Esophageal abnormalities and the risk for gastroesophageal cancers—a histopathology-register-based study in Sweden

BACKGROUND: The poor survival of patients with gastroesophageal cancers may improve if additional esophageal precursor lesions to Barrett’s esophagus and squamous dysplasia are identified. We estimated the risk for gastroesophageal cancers among patients with various histopathological abnormalities in the esophagus, including Barrett’s esophagus, subdivided by histopathological types. METHODS: Histopathology data from esophageal biopsies obtained 1979–2014 were linked with several national population-based registers in Sweden.

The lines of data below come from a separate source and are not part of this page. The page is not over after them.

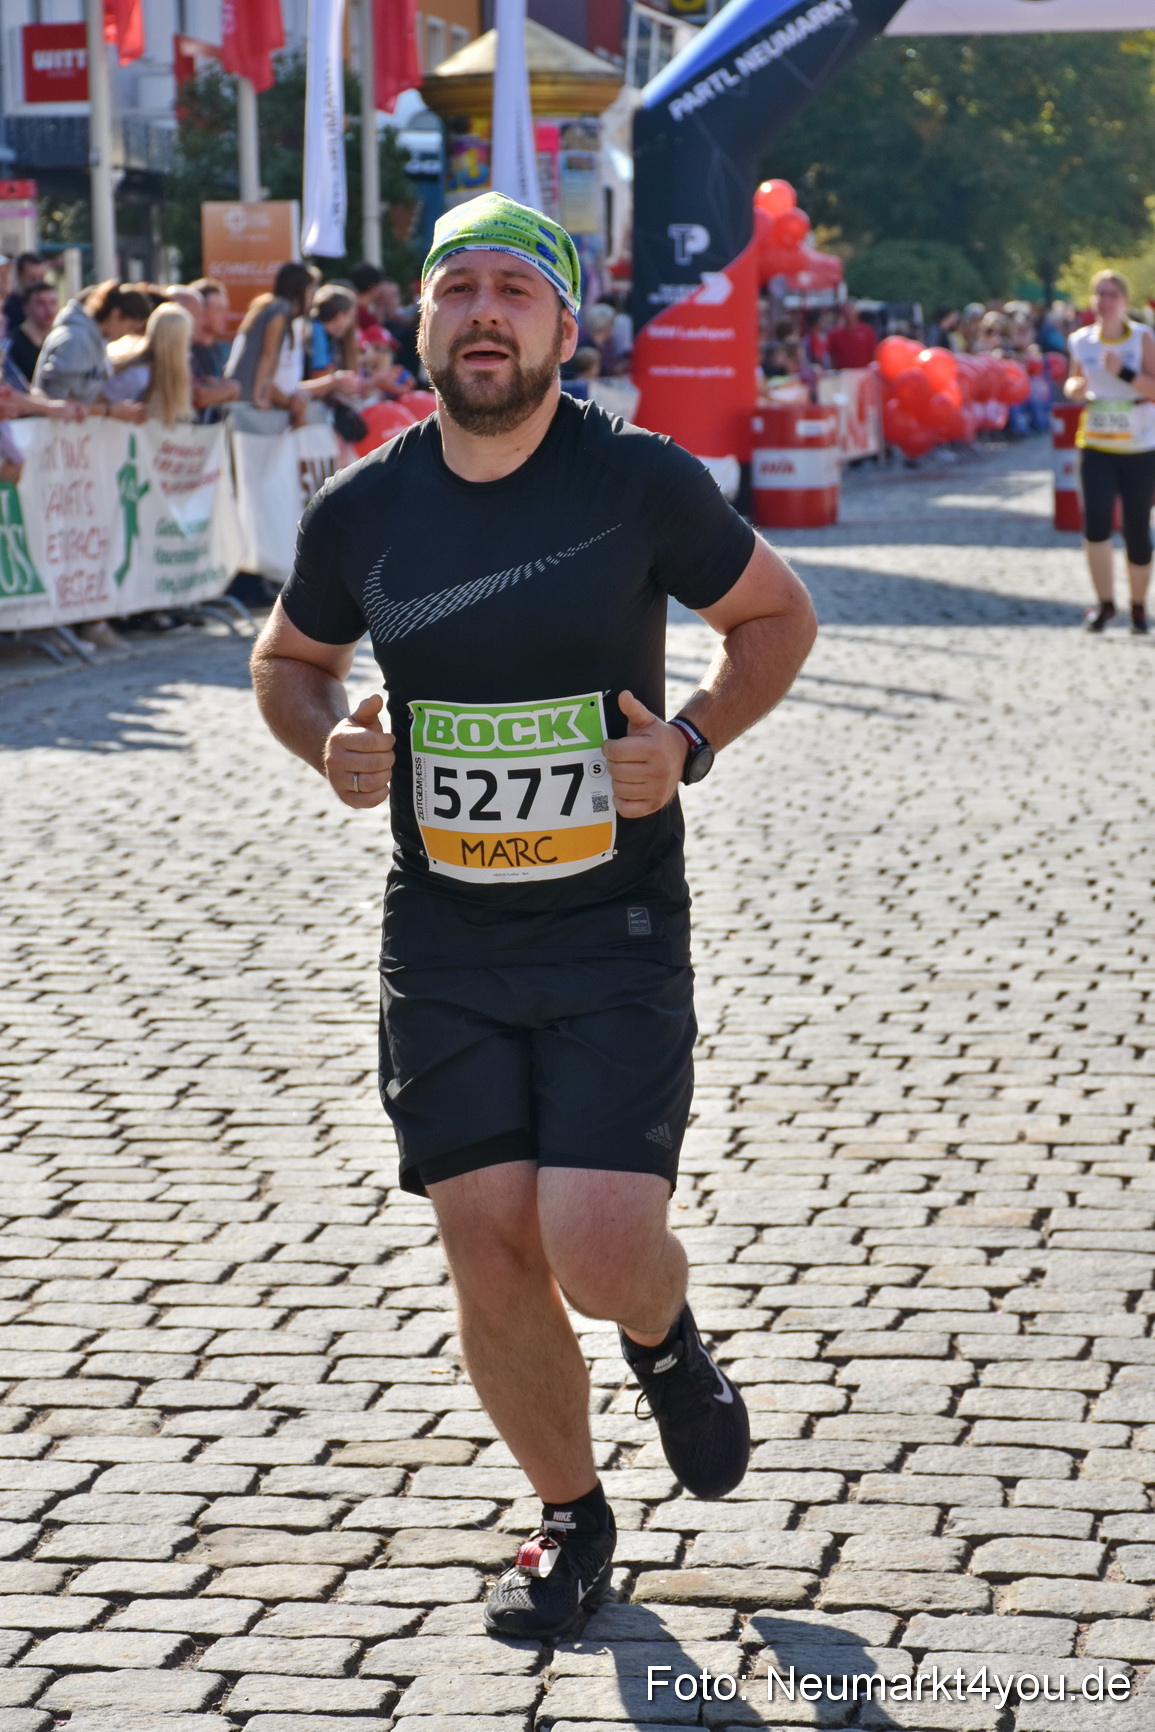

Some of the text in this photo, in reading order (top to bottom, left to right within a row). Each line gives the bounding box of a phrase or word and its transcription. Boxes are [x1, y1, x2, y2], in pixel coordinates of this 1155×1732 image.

[668, 67, 741, 121] PARTL
[424, 705, 586, 751] BOCK
[434, 763, 584, 821] 5277
[461, 836, 558, 867] MARC
[553, 1511, 573, 1521] NIKE
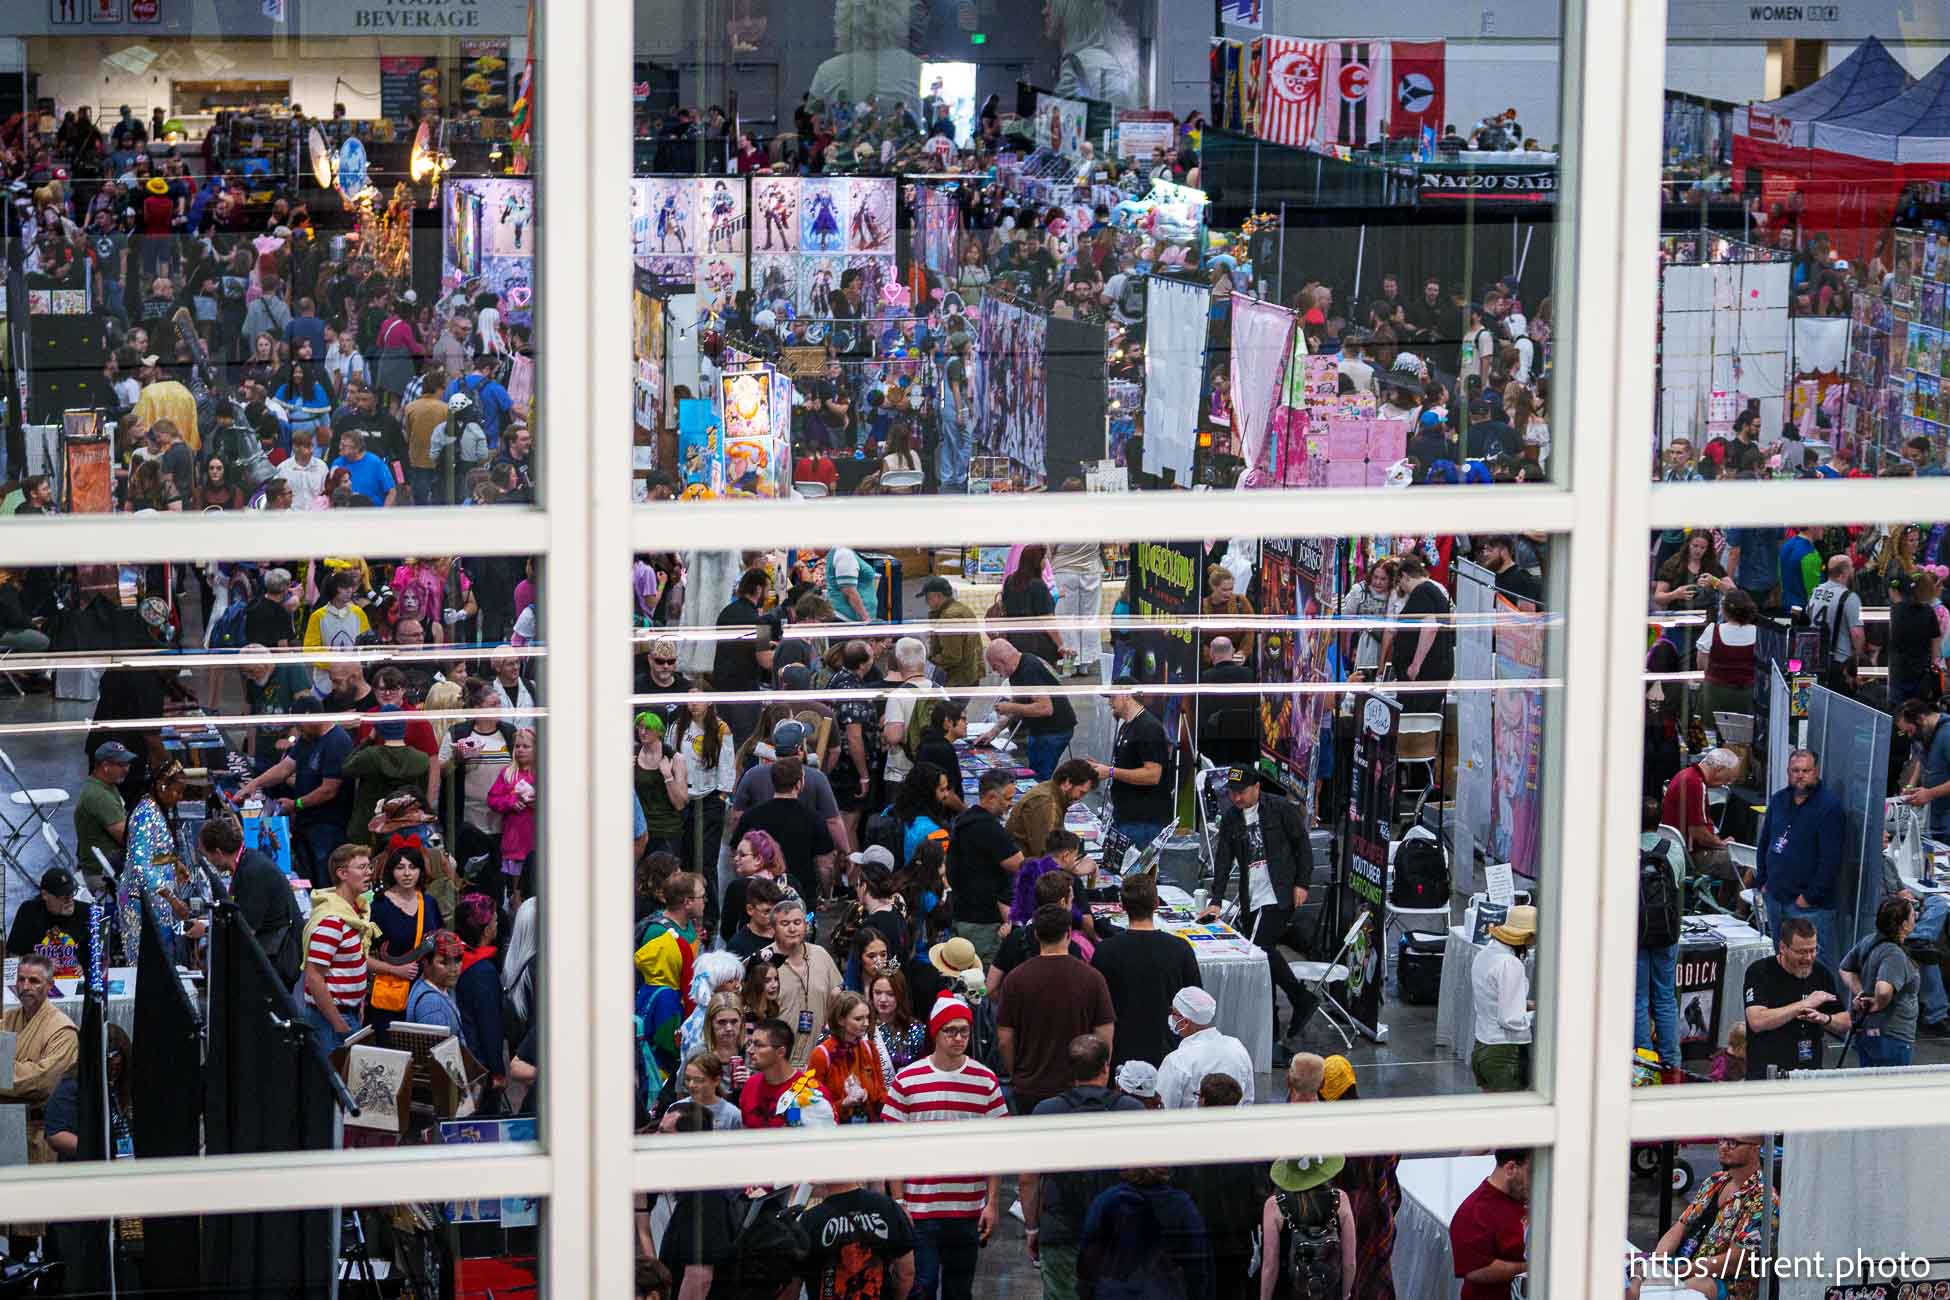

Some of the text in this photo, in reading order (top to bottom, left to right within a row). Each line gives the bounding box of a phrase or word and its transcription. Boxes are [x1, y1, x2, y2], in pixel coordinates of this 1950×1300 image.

[354, 10, 480, 27] BEVERAGE
[1750, 6, 1803, 21] WOMEN
[1352, 853, 1382, 885] YOUTUBER
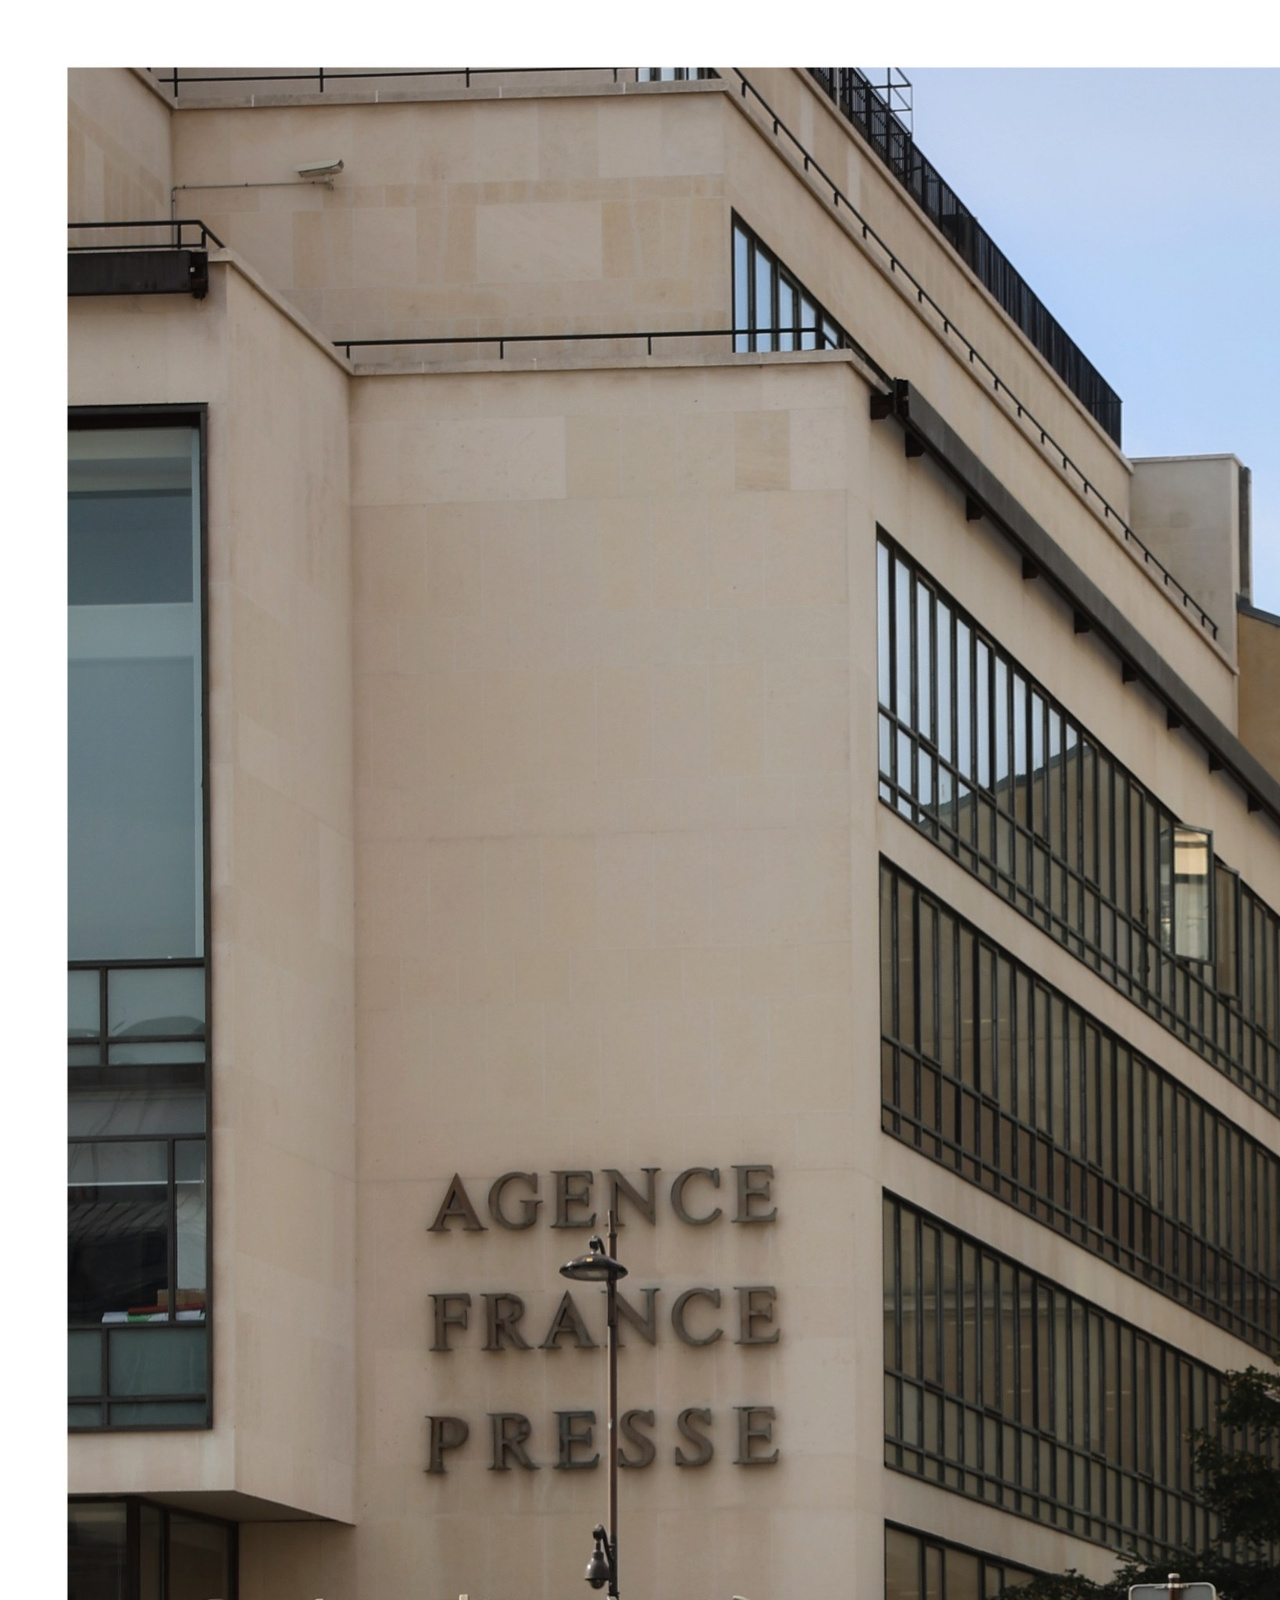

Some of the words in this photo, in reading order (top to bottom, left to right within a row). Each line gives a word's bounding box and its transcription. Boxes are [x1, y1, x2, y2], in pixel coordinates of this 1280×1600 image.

[426, 1164, 779, 1233] AGENCE
[427, 1286, 781, 1352] FRANCE
[423, 1406, 780, 1474] PRESSE

Patients were followed from 2 years after the first biopsy date until cancer, death, emigration, esophagectomy/gastrectomy or end of follow-up, 31st of December 2016, whichever came first. We estimated standardized incidence ratios (SIRs) as measures of relative risk with the Swedish general population as reference. RESULTS: In total 367 esophageal adenocarcinoma (EAC) cases were ascertained during 831,394 person-years of follow-up. The incidence rate (IR) for EAC was 0.1 per 1000 person-years for normal morphology, 0.2–0.5 for inflammatory changes, and 0.8–2.9 for metaplasia. The IR was 1.0 per 1000 person-years (95% confidence interval 0.7–1.3) among patients with non-dysplastic intestinal metaplasia, 0.9 (0.8–1.1) in non-dysplastic gastric/glandular metaplasia and 2.9 (2.0–4.2) among columnar metaplasia patients with low-grade dysplasia. The SIRs were 11.7 (95% confidence interval 8.6–15.5), 12.0 (10.0–14.2) and 30.2 (20.5–42.8), respectively. The SIRs for gastric cardia adenocarcinoma (GCA) were moderately elevated. CONCLUSIONS: For the first time, we demonstrate that patients with esophageal inflammatory and other metaplastic abnormalities than Barrett’s esophagus have an increased risk of EAC and GCA compared to the general population. Moreover, patients with different histopathologic subtypes of Barrett’s esophagus have a comparable risk for EAC. SUPPLEMENTARY INFORMATION: The online version contains supplementary material available at 10.1007/s10654-021-00833-6.